:: Assignment ::
Before you return the lines below, strip out any images and keep every word as written.

Text-to-region grounding data

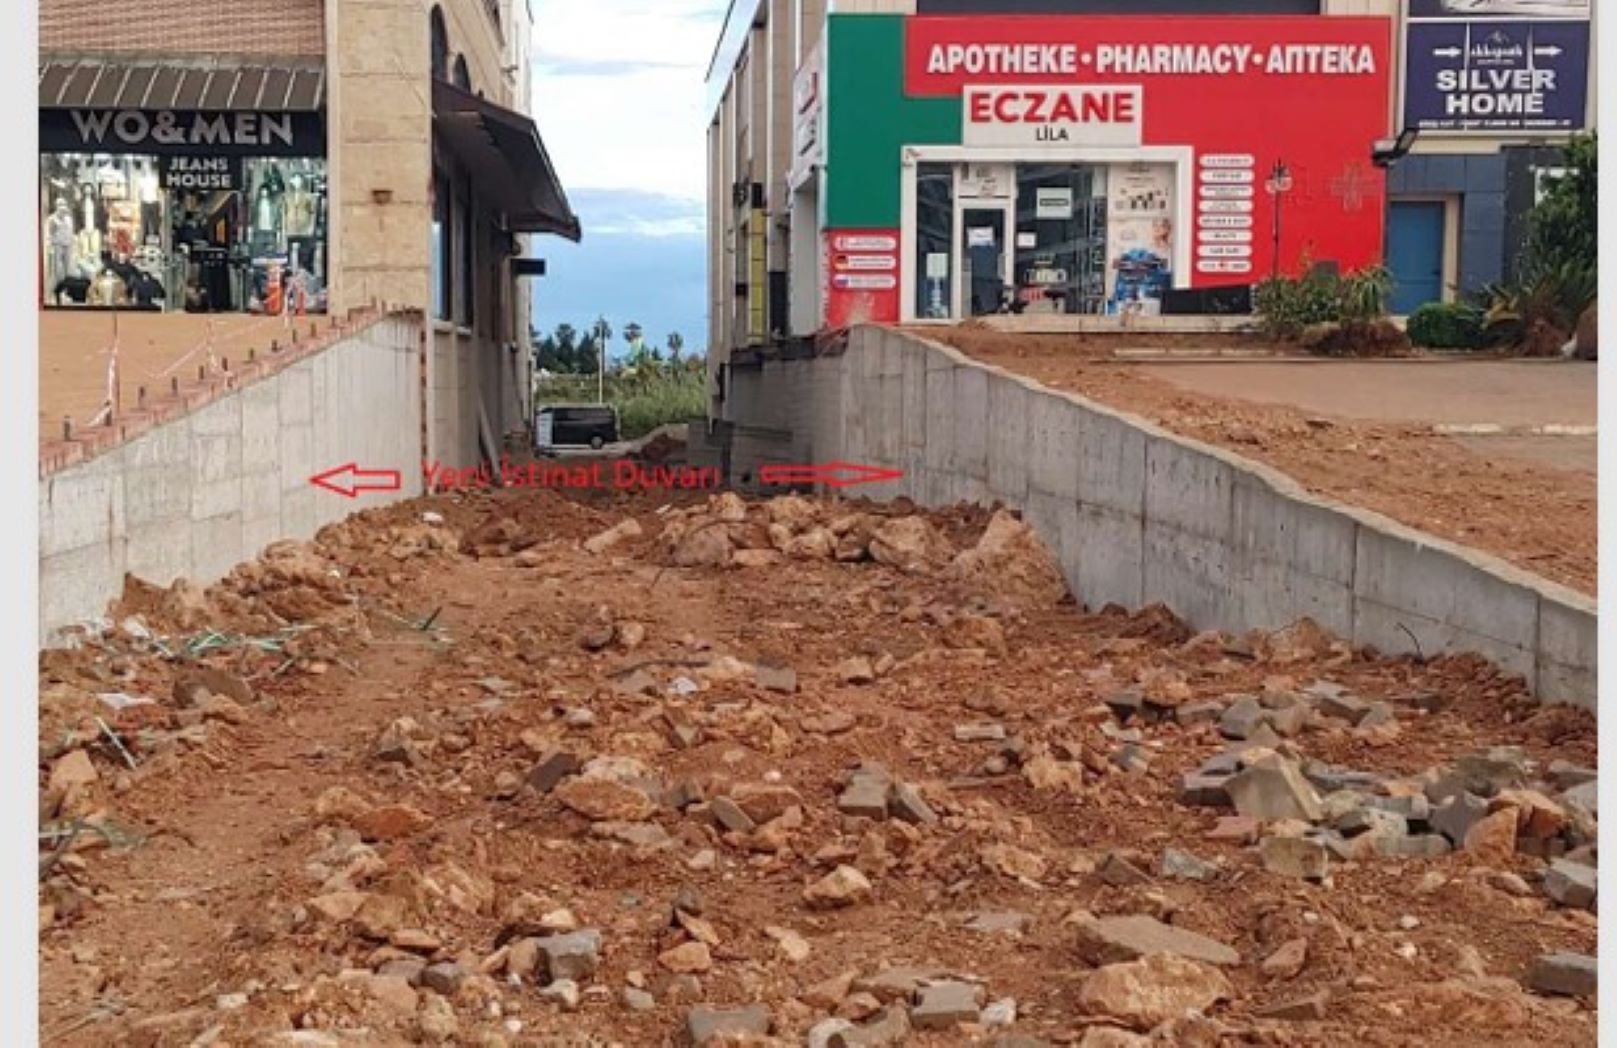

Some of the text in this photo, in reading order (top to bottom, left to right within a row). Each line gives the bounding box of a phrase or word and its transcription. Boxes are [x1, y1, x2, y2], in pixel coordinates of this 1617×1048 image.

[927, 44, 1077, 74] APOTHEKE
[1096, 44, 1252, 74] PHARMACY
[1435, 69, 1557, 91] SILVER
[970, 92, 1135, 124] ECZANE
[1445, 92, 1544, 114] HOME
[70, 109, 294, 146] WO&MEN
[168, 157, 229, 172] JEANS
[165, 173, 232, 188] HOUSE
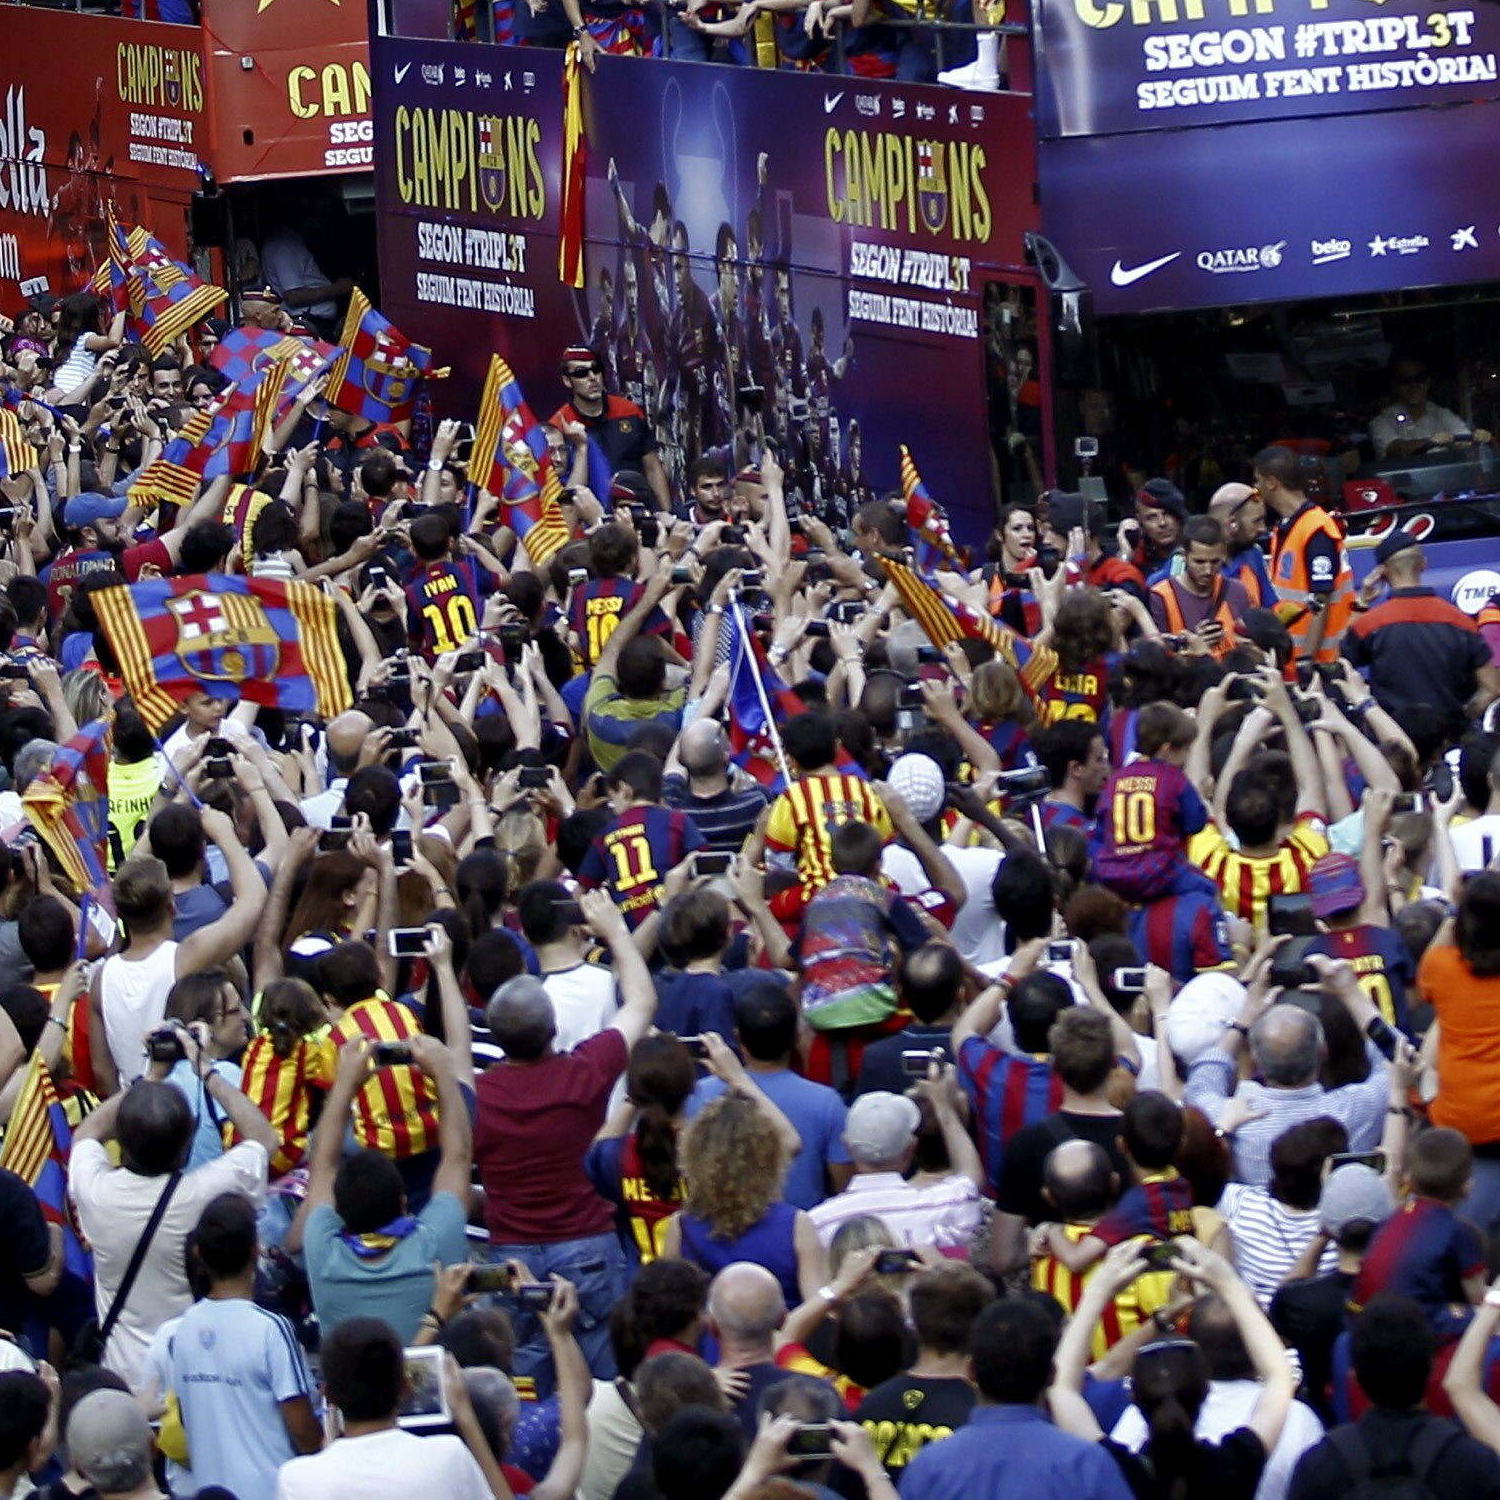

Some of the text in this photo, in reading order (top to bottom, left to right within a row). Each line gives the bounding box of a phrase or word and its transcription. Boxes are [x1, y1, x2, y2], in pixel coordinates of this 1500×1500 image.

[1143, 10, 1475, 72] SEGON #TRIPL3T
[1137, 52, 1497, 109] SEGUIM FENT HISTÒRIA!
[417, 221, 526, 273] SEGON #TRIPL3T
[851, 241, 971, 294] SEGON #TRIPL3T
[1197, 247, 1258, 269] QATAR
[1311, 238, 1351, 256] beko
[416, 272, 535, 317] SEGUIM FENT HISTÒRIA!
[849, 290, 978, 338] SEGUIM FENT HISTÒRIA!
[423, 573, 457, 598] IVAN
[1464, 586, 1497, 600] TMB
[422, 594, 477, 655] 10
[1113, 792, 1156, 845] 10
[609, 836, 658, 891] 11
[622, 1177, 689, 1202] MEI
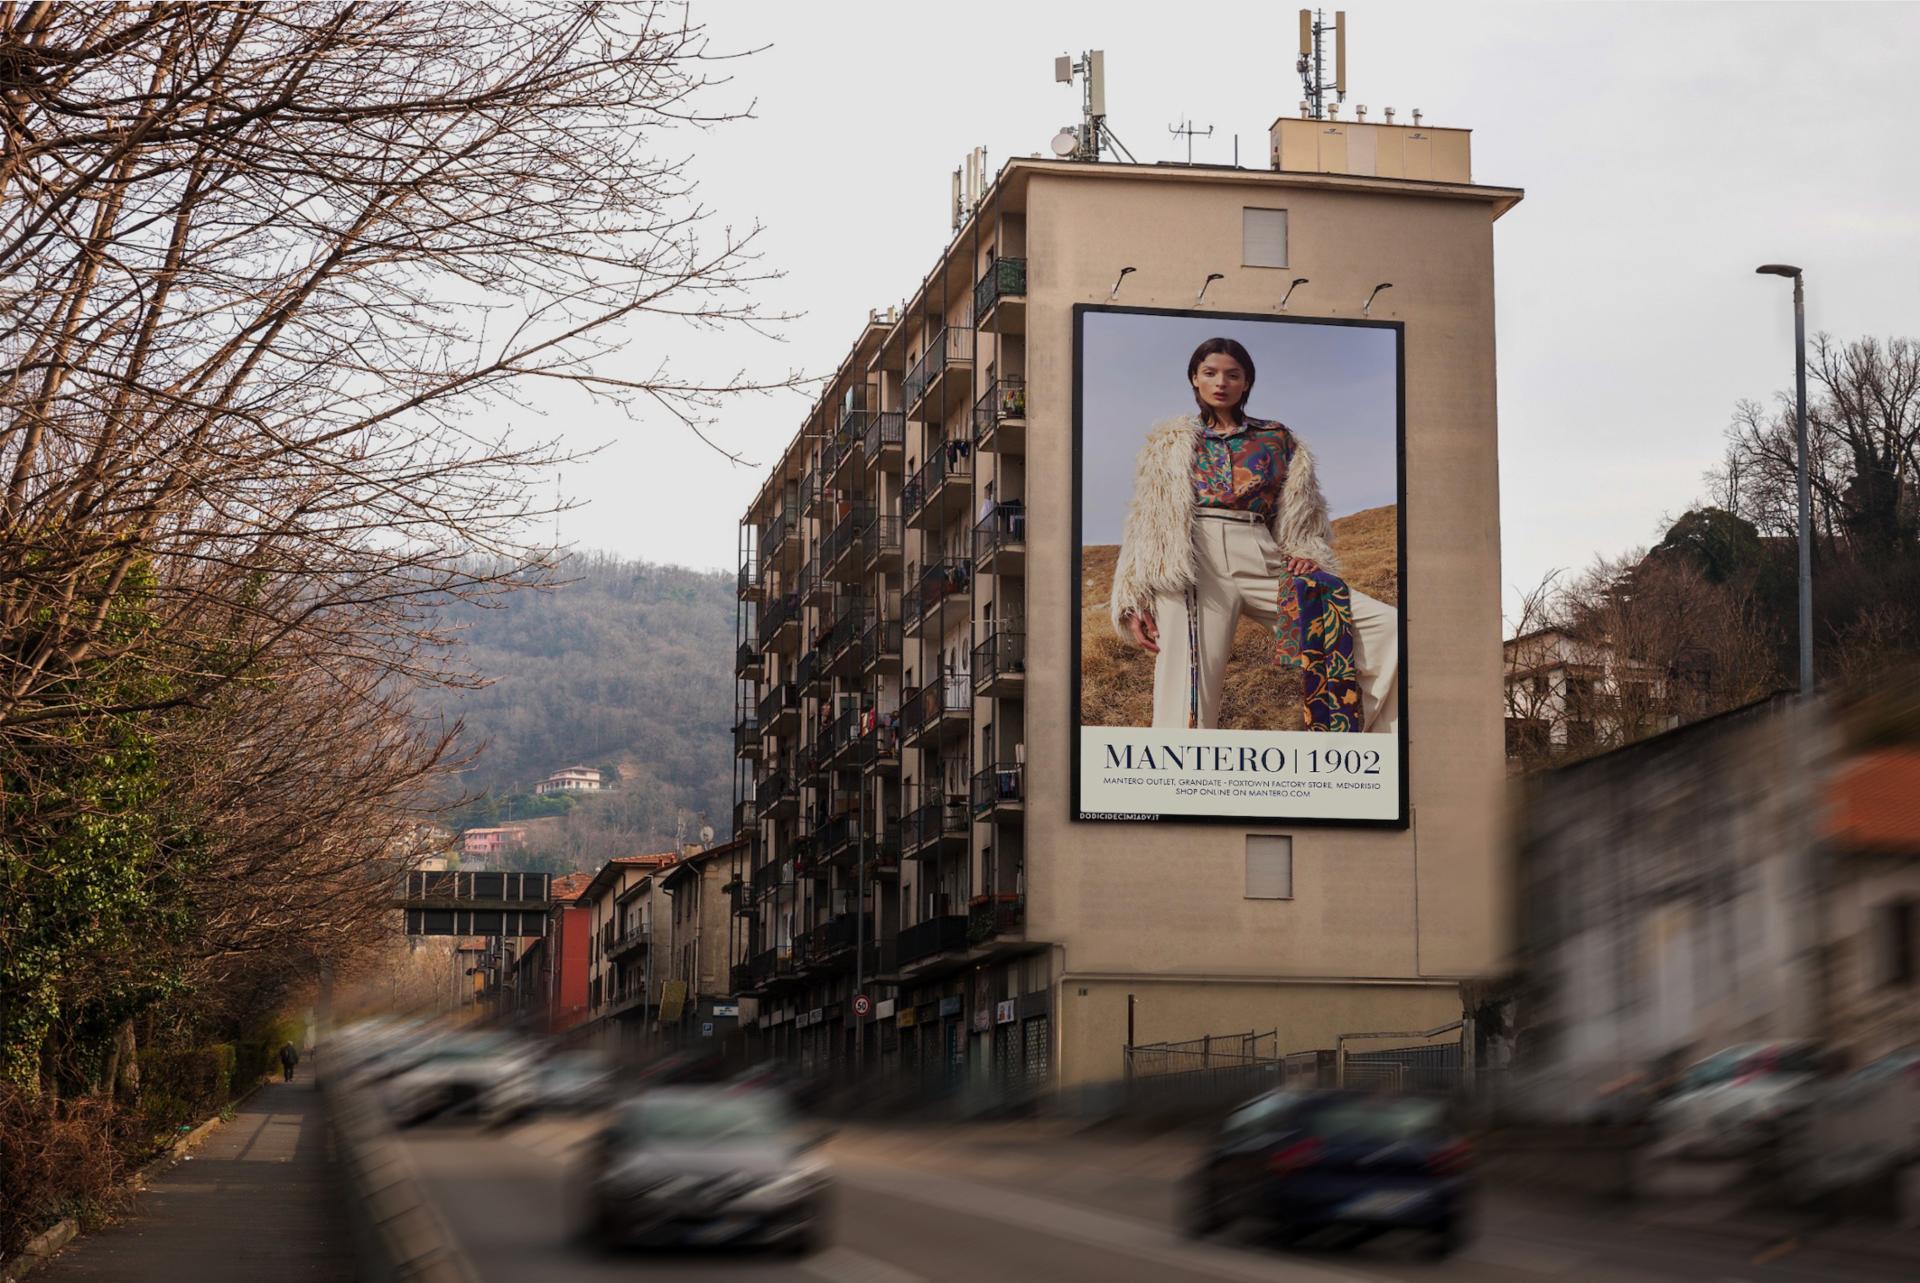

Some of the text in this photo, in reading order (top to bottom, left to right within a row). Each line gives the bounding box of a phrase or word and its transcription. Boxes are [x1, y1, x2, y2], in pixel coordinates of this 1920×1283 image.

:: Response box ::
Some of the text in this photo, in reading order (top to bottom, left to right within a row). Each line gives the bounding box of a phrase or word and its transcription. Boxes are [x1, y1, x2, y2], in pixel coordinates of this 1617×1048 image.

[927, 44, 1077, 74] APOTHEKE
[1096, 44, 1252, 74] PHARMACY
[1435, 69, 1557, 91] SILVER
[970, 92, 1135, 124] ECZANE
[1445, 92, 1544, 114] HOME
[70, 109, 294, 146] WO&MEN
[168, 157, 229, 172] JEANS
[165, 173, 232, 188] HOUSE

Some of the text in this photo, in reading order (top to bottom, left to right within a row). Each line gives the bounding box of a phrase or word and its transcription. Boxes are [x1, y1, x2, y2], in pixel coordinates of this 1500×1500 image.

[1143, 10, 1475, 72] SEGON #TRIPL3T
[1137, 52, 1497, 109] SEGUIM FENT HISTÒRIA!
[417, 221, 526, 273] SEGON #TRIPL3T
[851, 241, 971, 294] SEGON #TRIPL3T
[1197, 247, 1258, 269] QATAR
[1311, 238, 1351, 256] beko
[416, 272, 535, 317] SEGUIM FENT HISTÒRIA!
[849, 290, 978, 338] SEGUIM FENT HISTÒRIA!
[423, 573, 457, 598] IVAN
[1464, 586, 1497, 600] TMB
[422, 594, 477, 655] 10
[1113, 792, 1156, 845] 10
[609, 836, 658, 891] 11
[622, 1177, 689, 1202] MEI

Some of the text in this photo, in reading order (top to bottom, left to right within a row). Each line gives the bounding box of a phrase or word and its transcription. Boxes are [x1, y1, x2, y2], in pixel coordinates of this 1920×1283 image.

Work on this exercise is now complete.